▸ **What is required**
Find the line in the data below that contains "Some of the words". Return that line and all the lines after it, unchanged.

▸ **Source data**
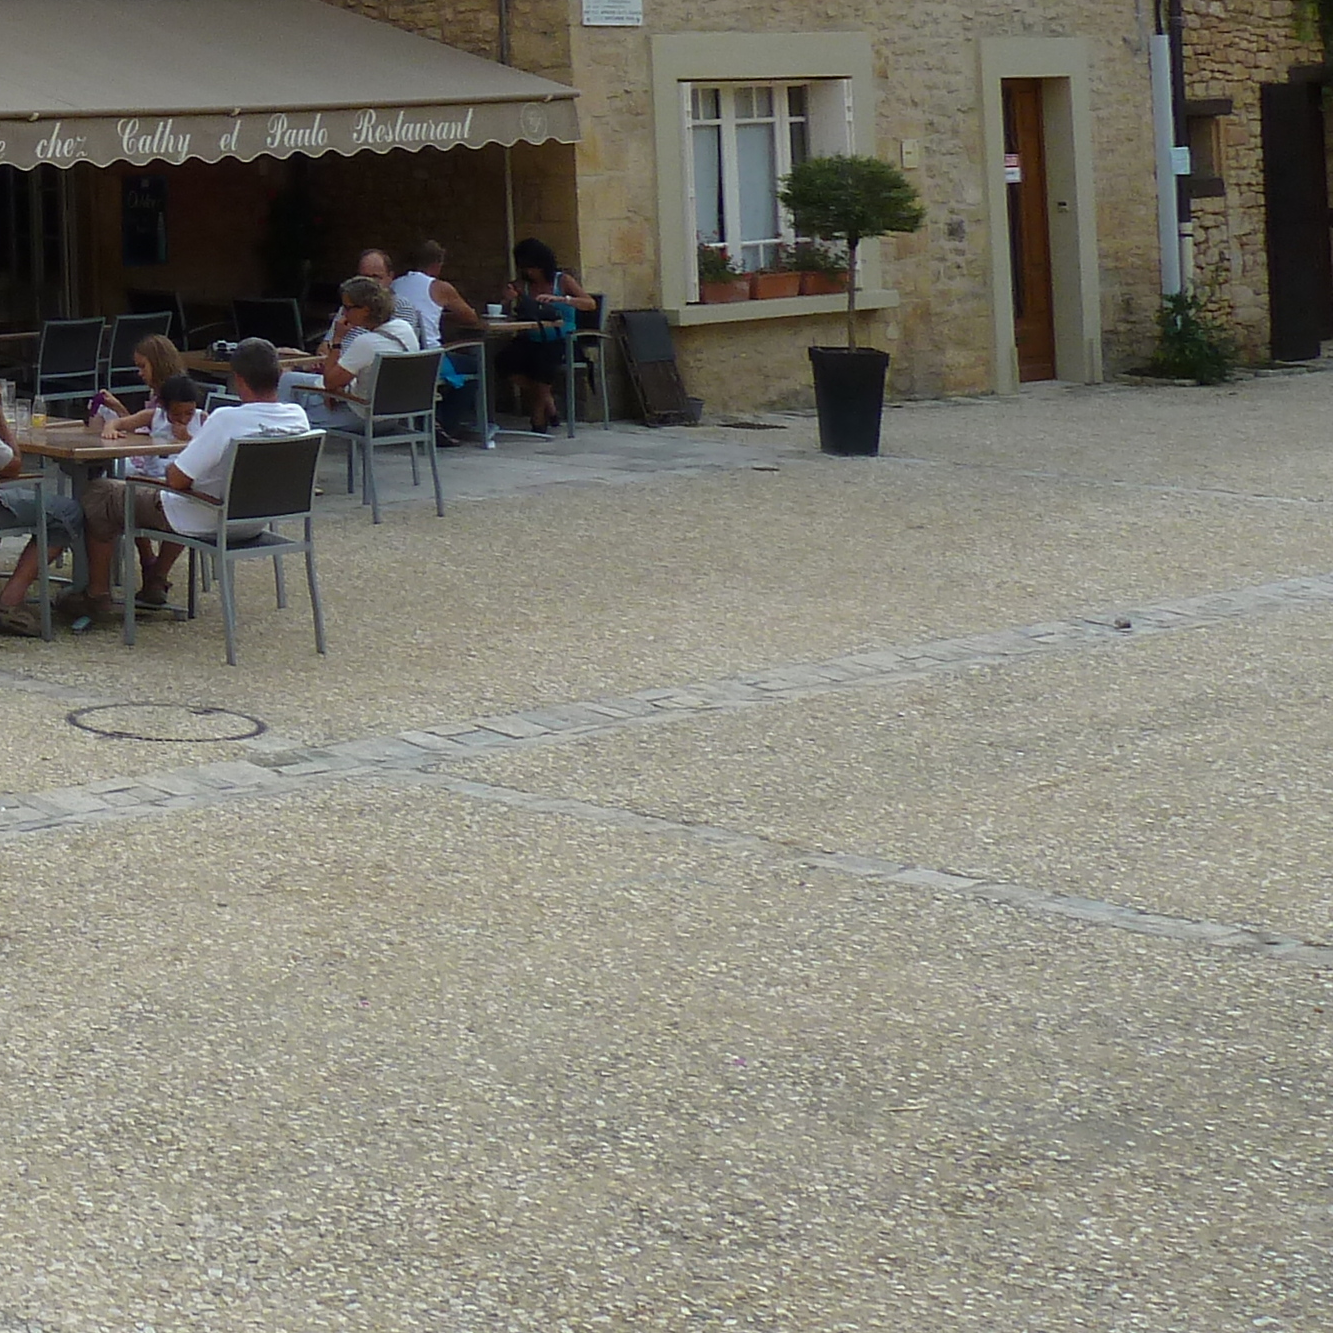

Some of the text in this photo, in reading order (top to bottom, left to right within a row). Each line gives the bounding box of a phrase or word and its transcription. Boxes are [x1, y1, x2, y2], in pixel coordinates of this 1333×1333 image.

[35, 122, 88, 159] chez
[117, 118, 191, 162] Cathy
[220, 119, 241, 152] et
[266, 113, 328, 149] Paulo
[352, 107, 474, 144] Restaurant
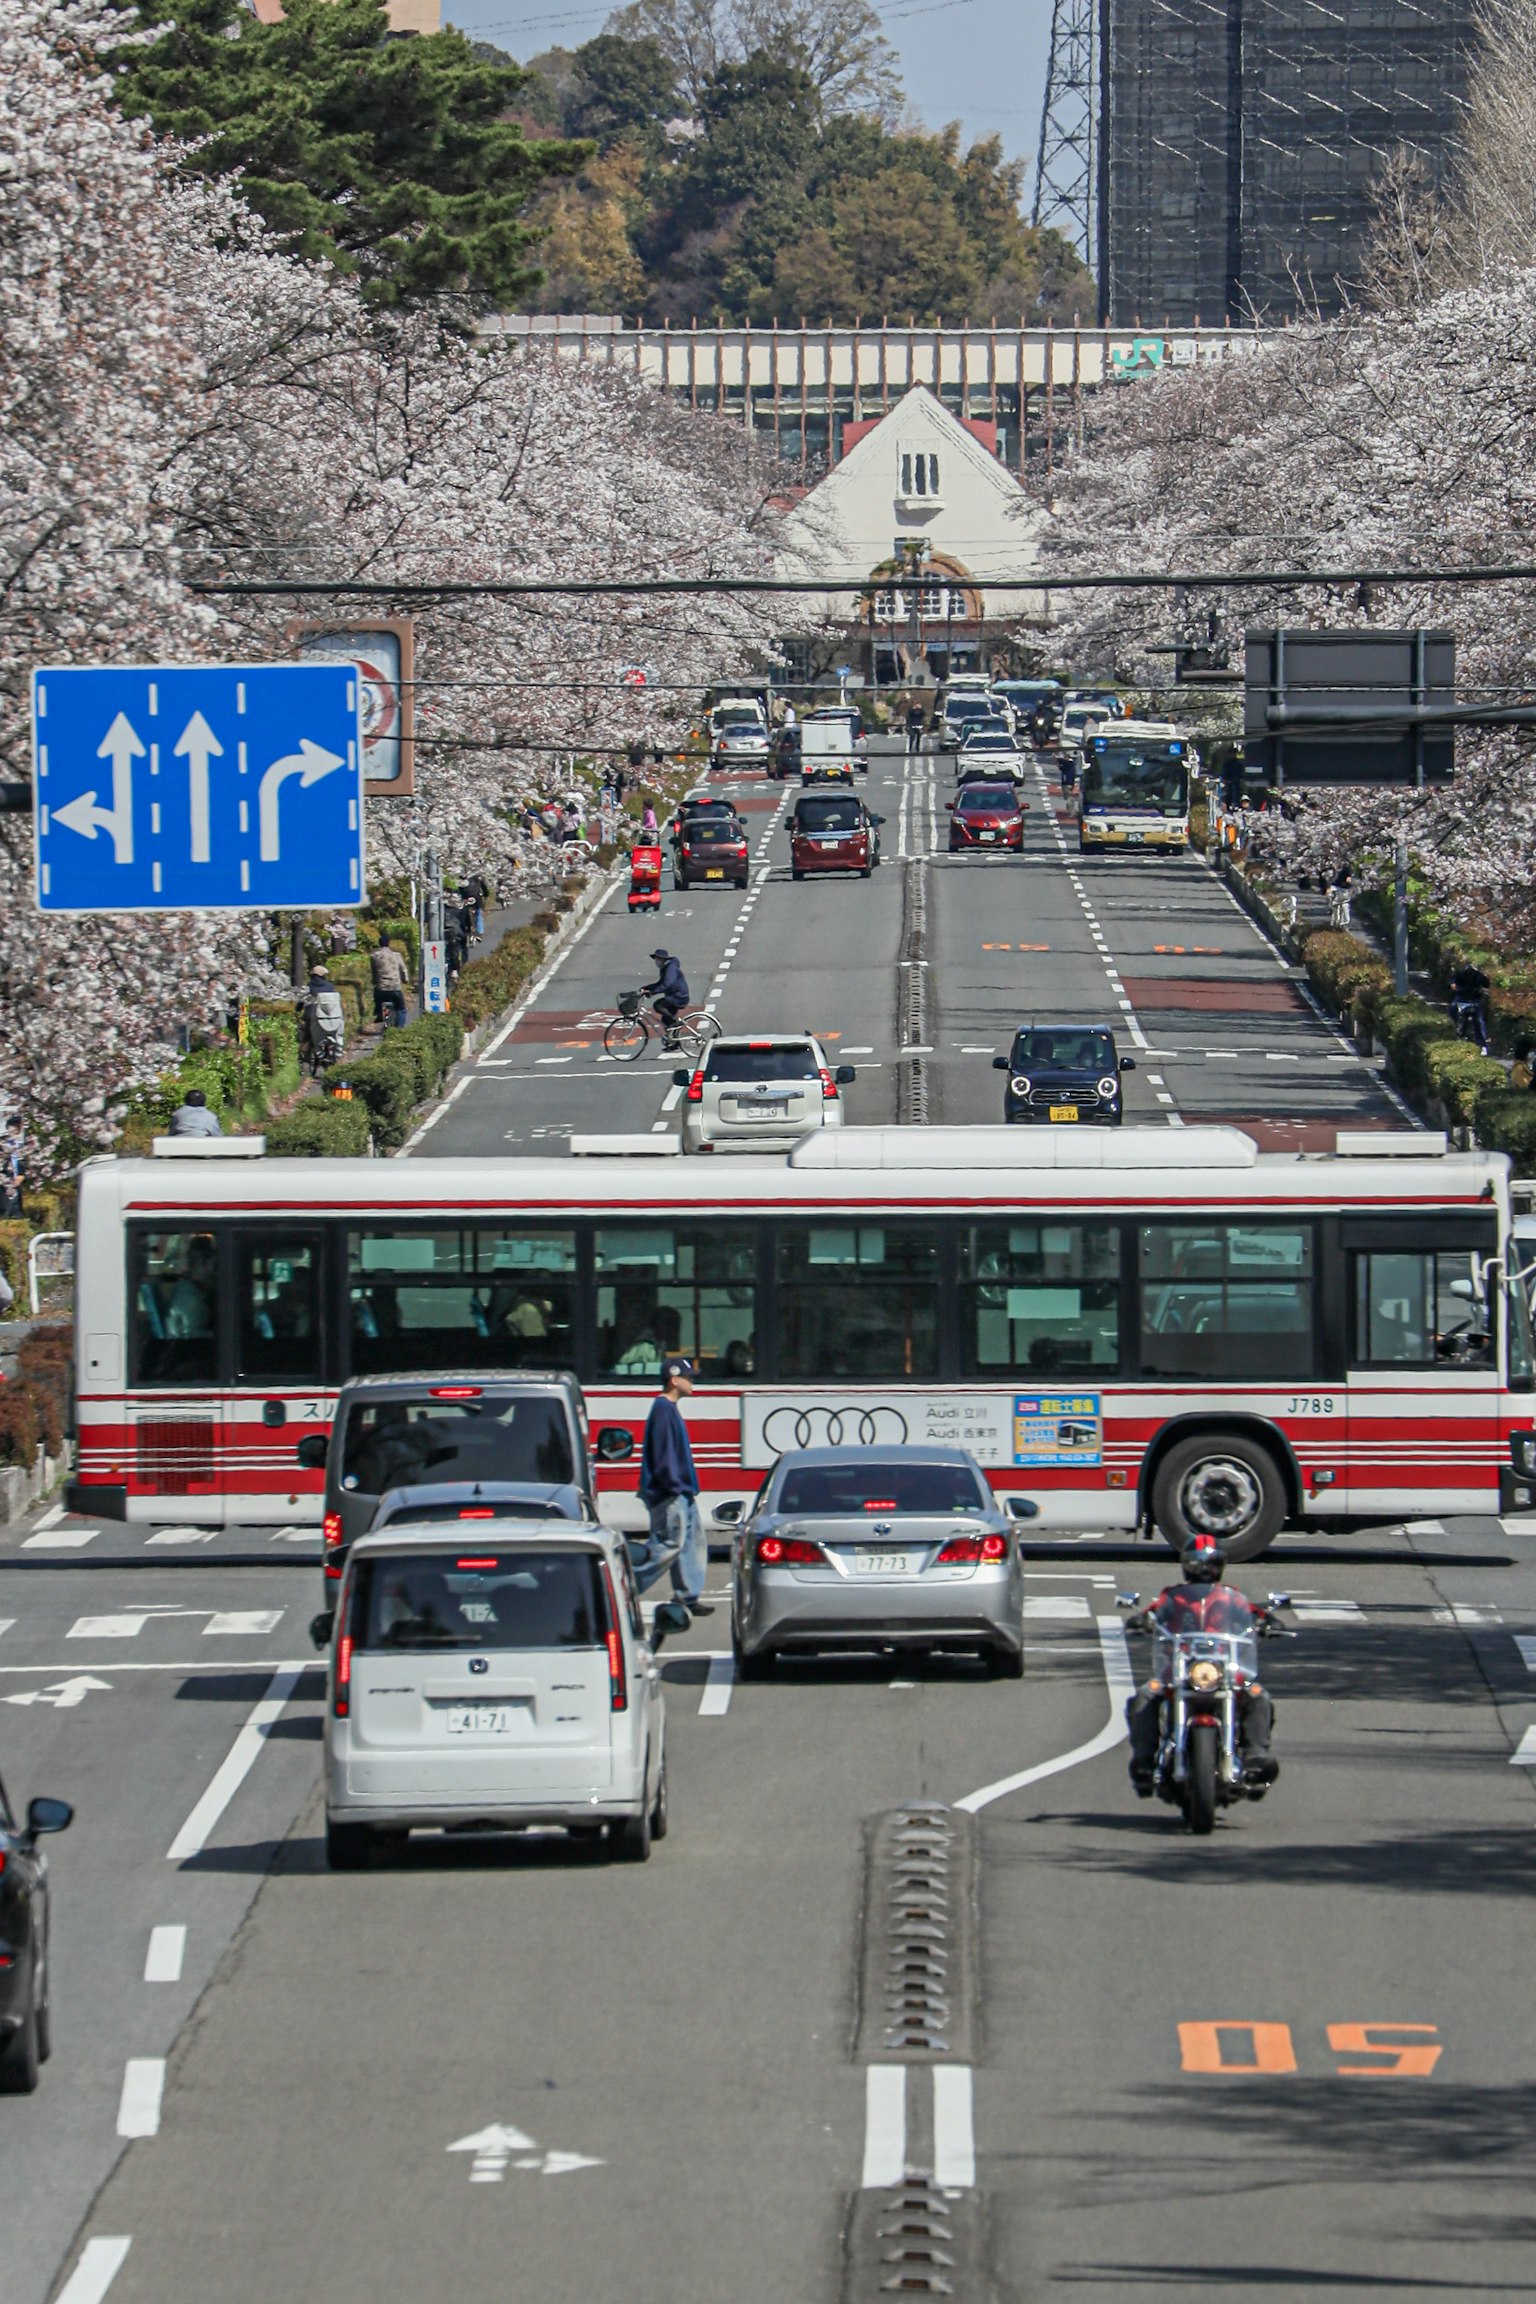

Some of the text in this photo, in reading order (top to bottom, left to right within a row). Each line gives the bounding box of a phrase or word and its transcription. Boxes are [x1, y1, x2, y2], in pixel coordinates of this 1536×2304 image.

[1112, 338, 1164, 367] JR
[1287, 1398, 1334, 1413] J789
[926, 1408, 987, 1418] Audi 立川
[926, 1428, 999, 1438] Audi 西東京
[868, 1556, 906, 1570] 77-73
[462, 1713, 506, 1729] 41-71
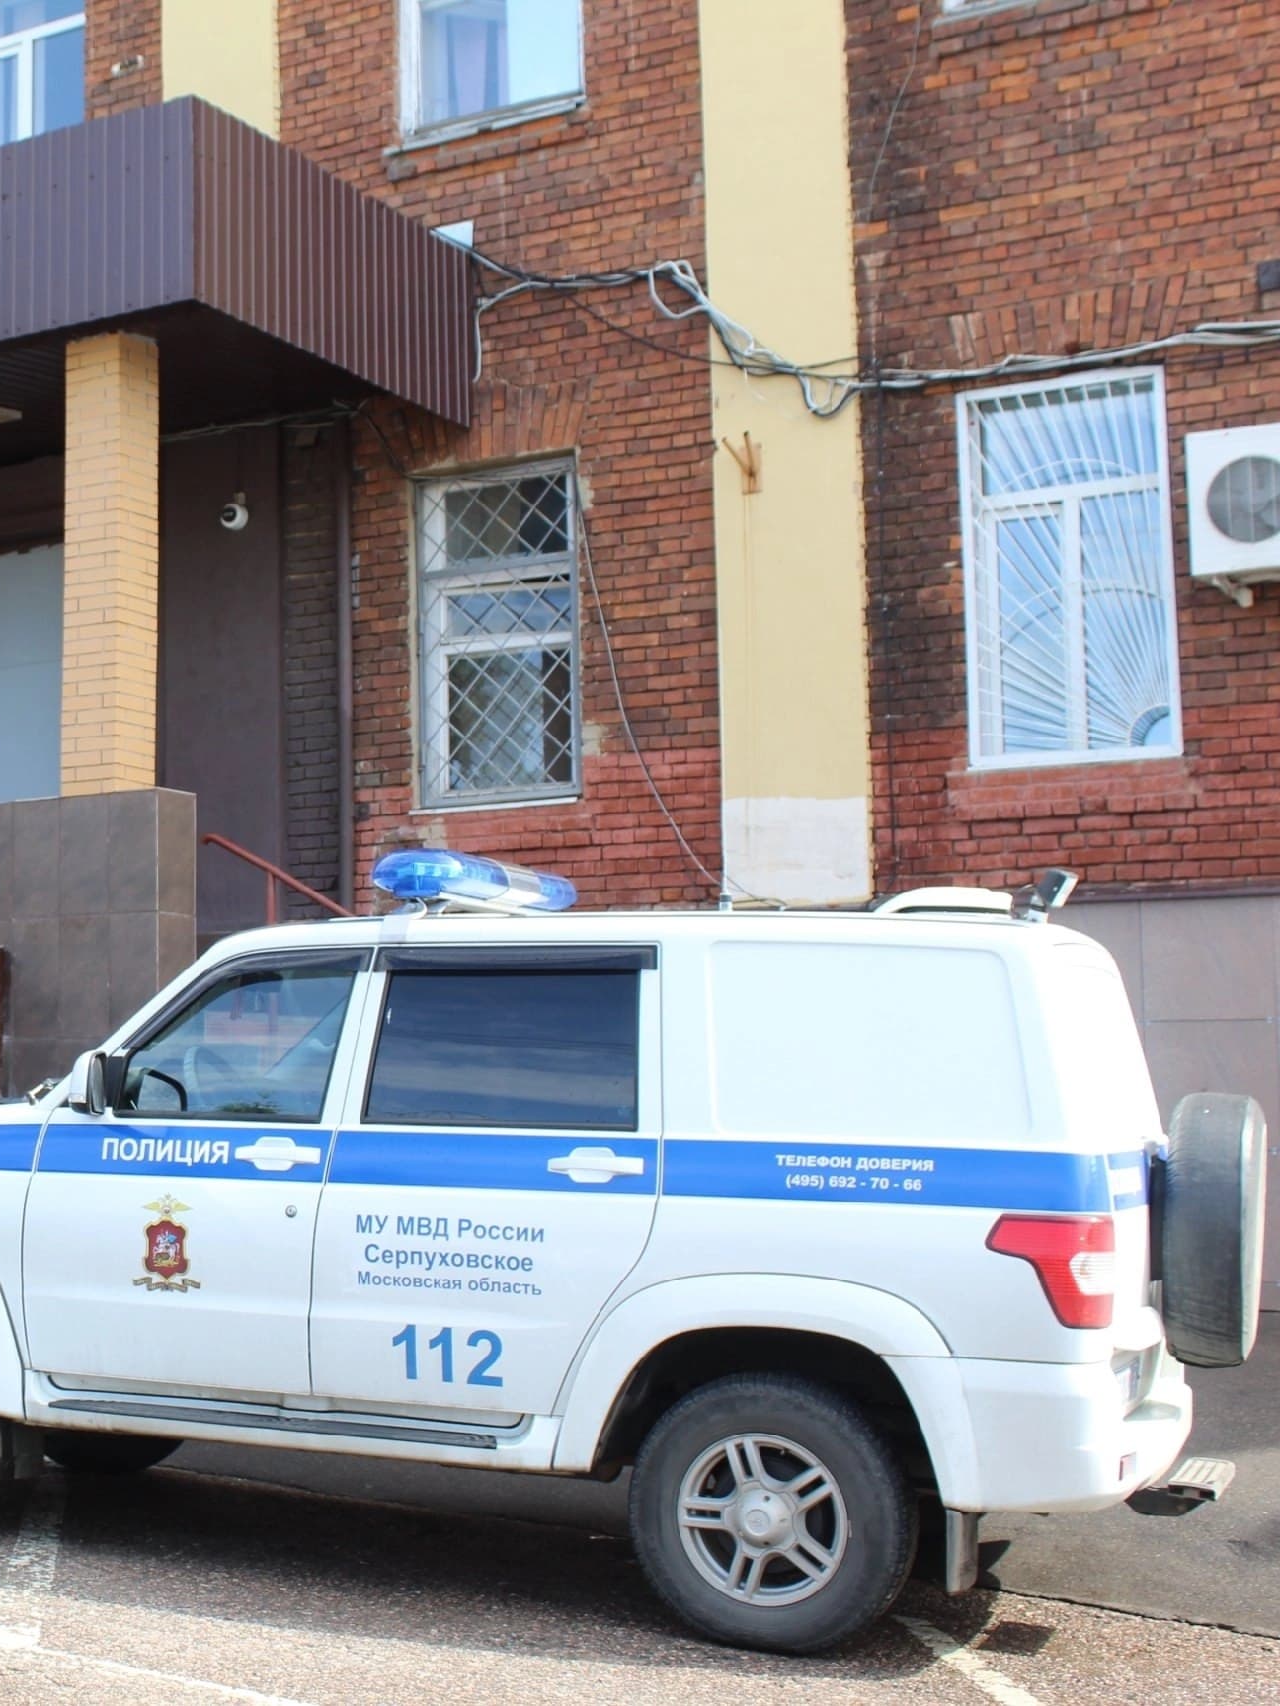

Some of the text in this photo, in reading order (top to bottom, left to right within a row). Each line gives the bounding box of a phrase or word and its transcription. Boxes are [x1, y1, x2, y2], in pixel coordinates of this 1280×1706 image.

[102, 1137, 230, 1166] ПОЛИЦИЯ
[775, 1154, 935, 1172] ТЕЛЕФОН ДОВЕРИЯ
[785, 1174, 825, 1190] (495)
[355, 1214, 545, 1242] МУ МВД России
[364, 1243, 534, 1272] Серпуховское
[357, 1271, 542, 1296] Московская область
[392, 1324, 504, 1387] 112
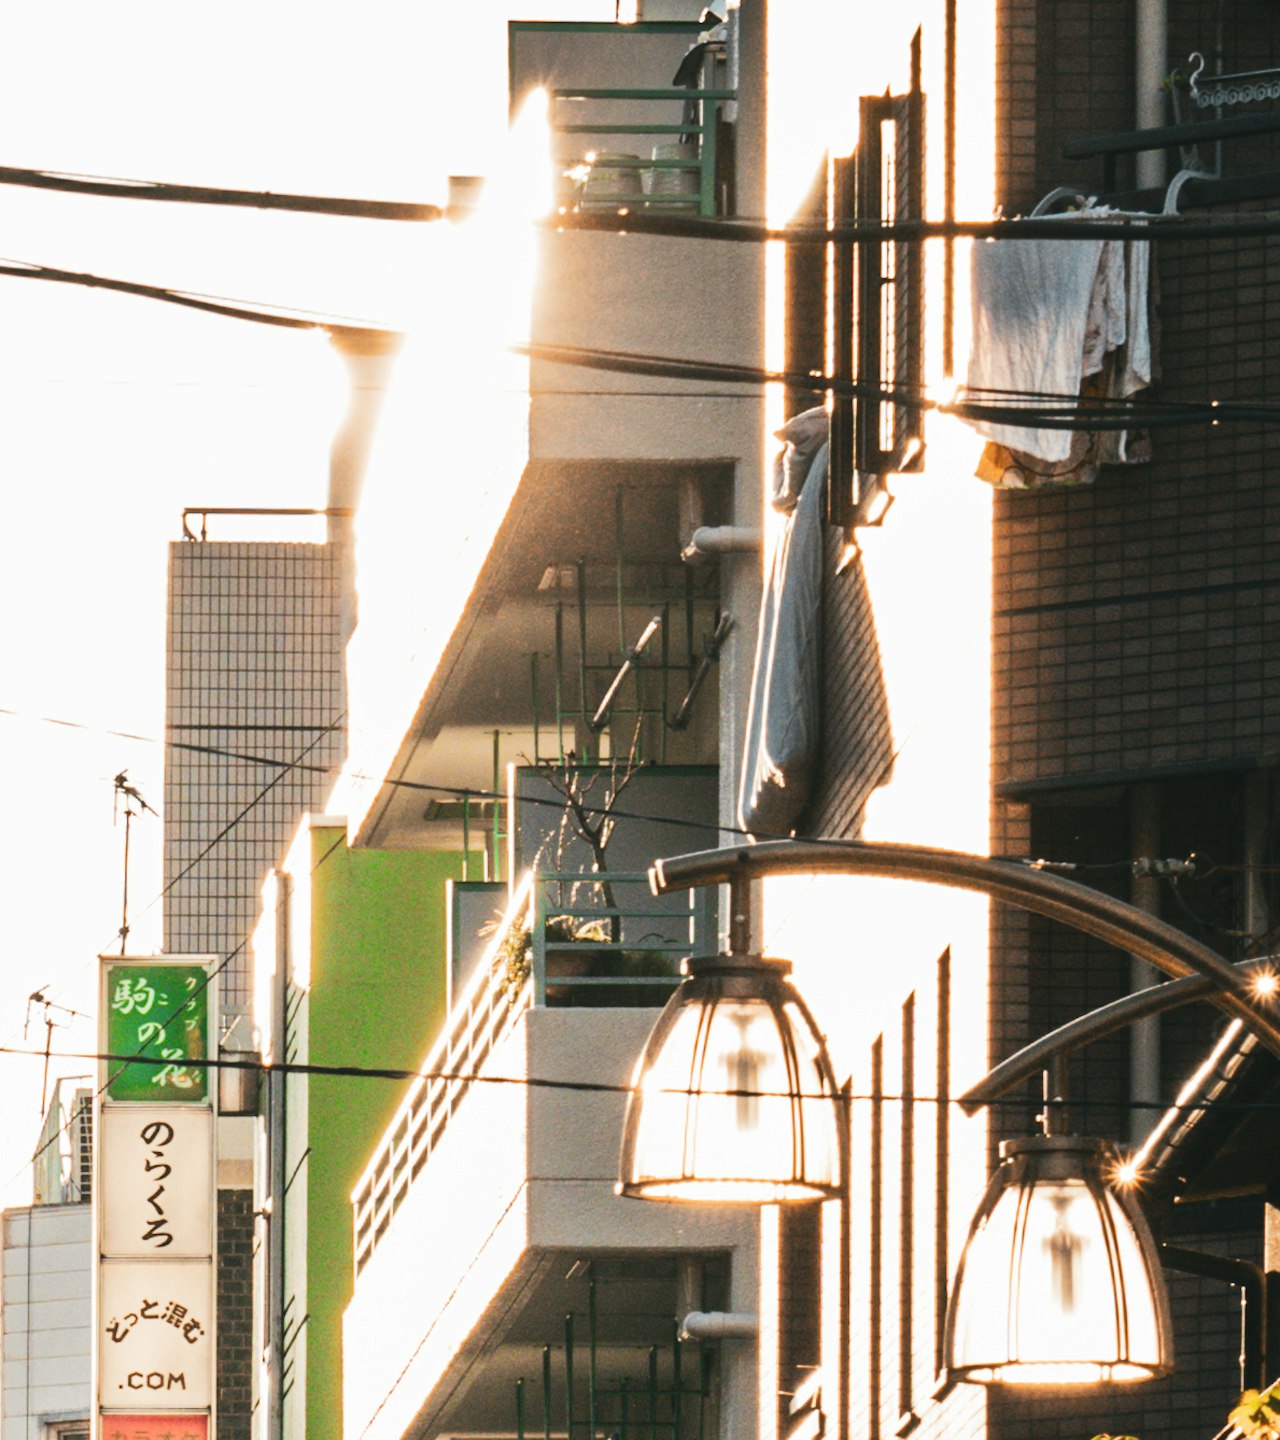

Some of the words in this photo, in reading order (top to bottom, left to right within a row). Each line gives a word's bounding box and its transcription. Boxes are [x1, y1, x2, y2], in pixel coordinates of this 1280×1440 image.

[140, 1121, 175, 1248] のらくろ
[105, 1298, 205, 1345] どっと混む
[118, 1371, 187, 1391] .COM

▸ **Written solution**
Some of the words in this photo, in reading order (top to bottom, left to right within a row). Each line gives a word's bounding box and its transcription. Boxes are [x1, y1, x2, y2], in pixel coordinates of this 1280×1440 image.

[140, 1121, 175, 1248] のらくろ
[105, 1298, 205, 1345] どっと混む
[118, 1371, 187, 1391] .COM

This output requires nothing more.